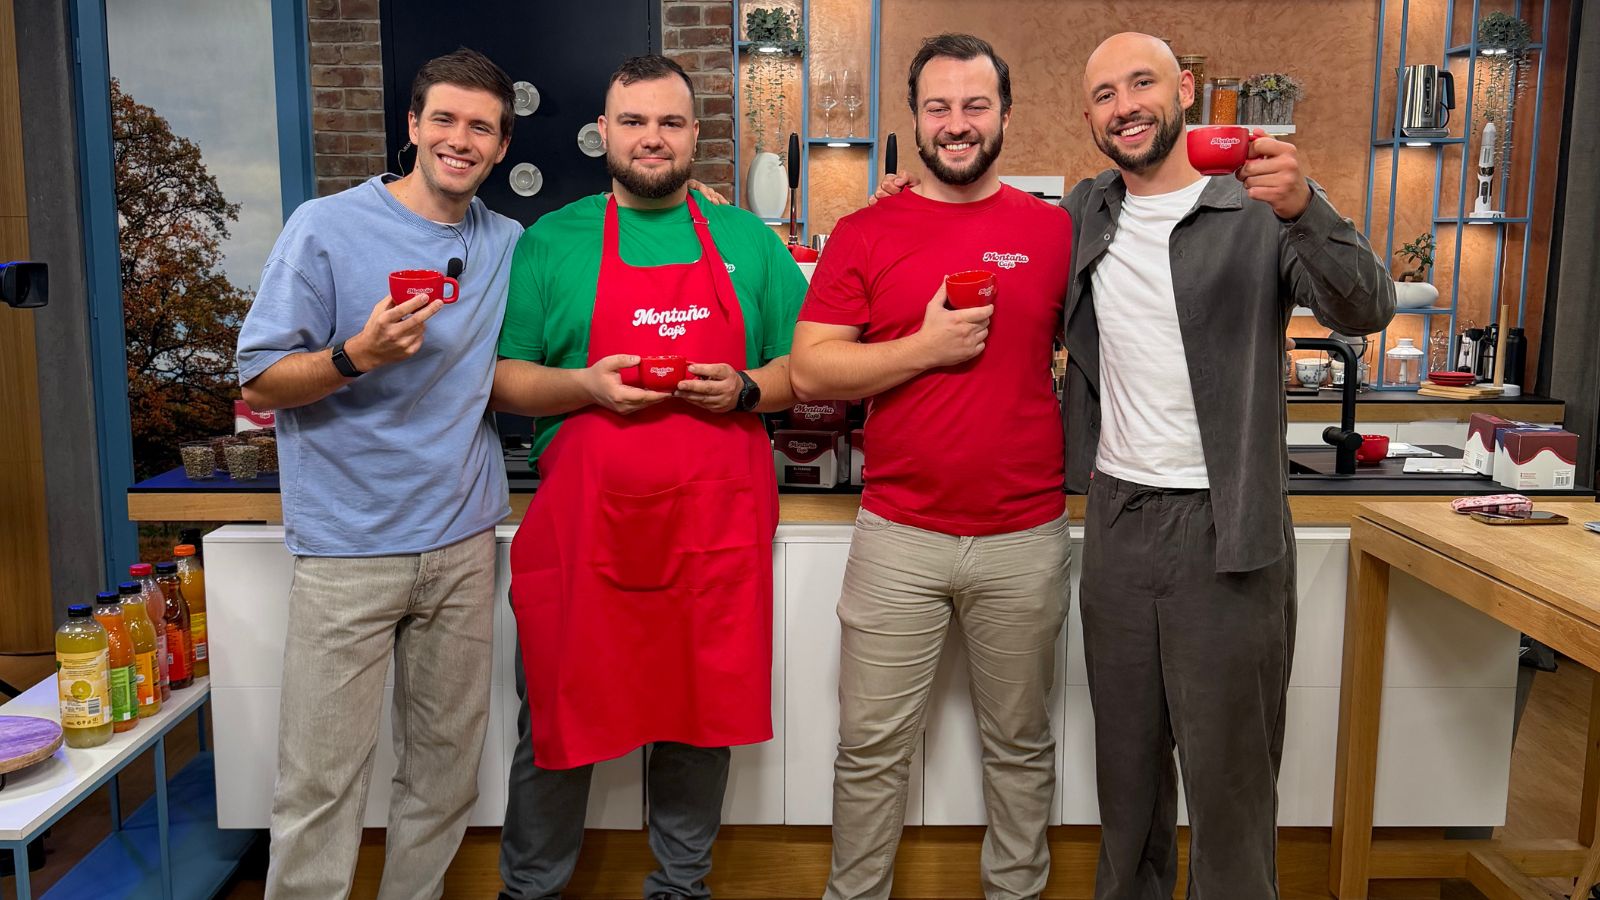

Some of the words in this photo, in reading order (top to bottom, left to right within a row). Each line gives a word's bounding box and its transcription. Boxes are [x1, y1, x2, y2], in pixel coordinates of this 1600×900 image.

[983, 252, 1029, 263] Montaña
[998, 260, 1015, 269] Café
[632, 304, 710, 326] Montaña
[658, 323, 686, 340] Café
[794, 404, 834, 414] Montaña
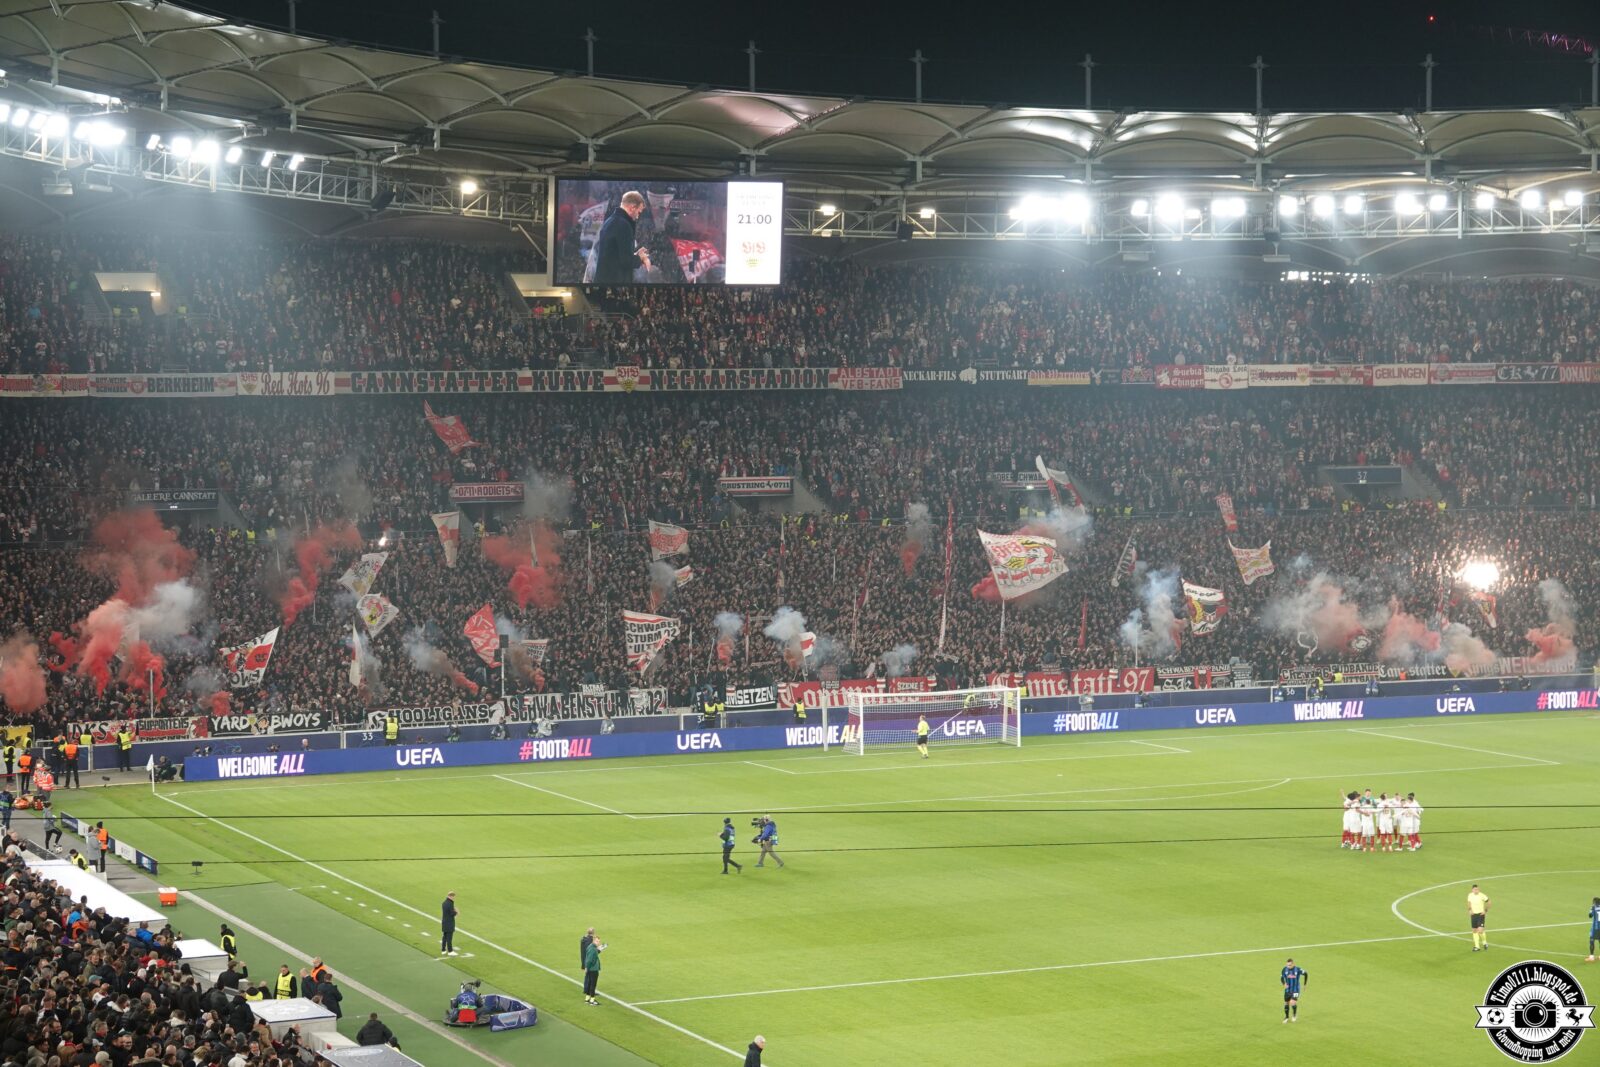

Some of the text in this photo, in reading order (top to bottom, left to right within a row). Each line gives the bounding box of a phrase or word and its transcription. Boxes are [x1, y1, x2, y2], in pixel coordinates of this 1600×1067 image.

[738, 214, 772, 225] 21:00
[351, 368, 829, 393] CANNSTATTER KURVE NECKARSTADION
[840, 368, 900, 378] ALBSTADT
[903, 370, 1027, 381] NECKAR-FILS STUTTGART
[1375, 368, 1427, 379] GERLINGEN
[147, 377, 215, 393] BERKHEIM
[261, 371, 330, 395] Red Hots 96
[842, 378, 900, 389] VFB-FANS
[173, 491, 216, 500] CANNSTATT
[627, 631, 662, 643] STURM
[1123, 670, 1149, 694] 97
[1436, 696, 1475, 713] UEFA
[1537, 691, 1598, 709] #FOOTBALL
[1195, 707, 1236, 725] UEFA
[1294, 700, 1364, 721] WELCOME ALL
[211, 712, 321, 731] YARD BWOYS
[943, 719, 987, 737] UEFA
[1054, 711, 1119, 732] #FOOTBALL
[676, 733, 722, 751] UEFA
[786, 724, 840, 746] WELCOME
[396, 747, 444, 766] UEFA
[519, 737, 592, 760] #FOOTBALL
[217, 753, 305, 778] WELCOME ALL

== PROBLEM DESCRIPTION ==
If a line holds a picture, skip the picture and transcribe the rest of the material exactly.

== RESPONSE TO THIS TASK ==
Some of the words in this photo, in reading order (top to bottom, left to right within a row). Each line gives a word's bounding box and its transcription. Boxes are [x1, y1, x2, y2], in pixel coordinates of this 1600×900 image.

[983, 252, 1029, 263] Montaña
[998, 260, 1015, 269] Café
[632, 304, 710, 326] Montaña
[658, 323, 686, 340] Café
[794, 404, 834, 414] Montaña

Some of the text in this photo, in reading order (top to bottom, left to right within a row). Each line gives the bounding box of a phrase or word and its transcription. Boxes are [x1, y1, x2, y2], in pixel coordinates of this 1600×1067 image.

[738, 214, 772, 225] 21:00
[351, 368, 829, 393] CANNSTATTER KURVE NECKARSTADION
[840, 368, 900, 378] ALBSTADT
[903, 370, 1027, 381] NECKAR-FILS STUTTGART
[1375, 368, 1427, 379] GERLINGEN
[147, 377, 215, 393] BERKHEIM
[261, 371, 330, 395] Red Hots 96
[842, 378, 900, 389] VFB-FANS
[173, 491, 216, 500] CANNSTATT
[627, 631, 662, 643] STURM
[1123, 670, 1149, 694] 97
[1436, 696, 1475, 713] UEFA
[1537, 691, 1598, 709] #FOOTBALL
[1195, 707, 1236, 725] UEFA
[1294, 700, 1364, 721] WELCOME ALL
[211, 712, 321, 731] YARD BWOYS
[943, 719, 987, 737] UEFA
[1054, 711, 1119, 732] #FOOTBALL
[676, 733, 722, 751] UEFA
[786, 724, 840, 746] WELCOME
[396, 747, 444, 766] UEFA
[519, 737, 592, 760] #FOOTBALL
[217, 753, 305, 778] WELCOME ALL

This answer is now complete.